| Genetic counseling
If the responsible mutation in an affected subject has been
identified, regardless of whether or not it is in mtDNA or
nuclear DNA, the successive family screening can be carried
out with a simple blood test. This is important above all
for mutations in mtDNA that are frequently associated with
a wide variety of symptoms within the same family.
Along with those affected with serious symptoms there are
often maternal relatives that have low or very low percentages
of mutations and show only minor symptoms. Other family member
may be completely asymptomatic. It is difficult to formulate
a prognosis for these individuals because of the variable
distribution of mutation in different tissues, the possible
increase of mutations with time and the influence of non-mitochondral
factors (i.e. environmental or due to the nuclear genetic
background).
Genetic counseling for mitochondrial disease is particularly
difficult and must be carried out in specialized institutions.

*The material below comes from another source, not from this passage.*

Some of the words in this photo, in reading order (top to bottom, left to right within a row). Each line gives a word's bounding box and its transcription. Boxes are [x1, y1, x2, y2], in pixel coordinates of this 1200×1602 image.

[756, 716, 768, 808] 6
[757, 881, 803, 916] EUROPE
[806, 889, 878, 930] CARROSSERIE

However there are some guidelines that can be provided:
1. Males carrying mtDNA mutations cannot transmit
disease to their offspring.
2. Likewise, except in extremely rare cases, women
with PEO or Kearns- Sayre Syndrome with a documented deletion
in mitochondrial DNA, cannot transmit disease to their children.
3. In families with a documented point mutation
in mitochondrial DNA, all the women on the maternal side are
at risk of having an affected child.
4. In families carrying pathogenic mutations of
a nuclear gene, risk of recurrence follows Mendel’s
laws, and varies in a predictable way according to whether
it is dominant, recessive, or X-linked.
Pre-natal diagnosis is certain and safe
only in the case of mutation in nuclear DNA. For mtDNA point
mutations, it is not easy to formulate a prognosis since the
percentage of mutated DNA present in the amniocytes or coryonic
villi may not correspond to those present in critical fetal
tissues such as muscle, heart and brain. Besides, such percentage
can change either during the intrauterine development or after
birth. Likewise, pre-natal diagnosis based only on biochemical
evaluation of the respiratory chain is risky and can be performed
only in particular cases and in specialized institutions.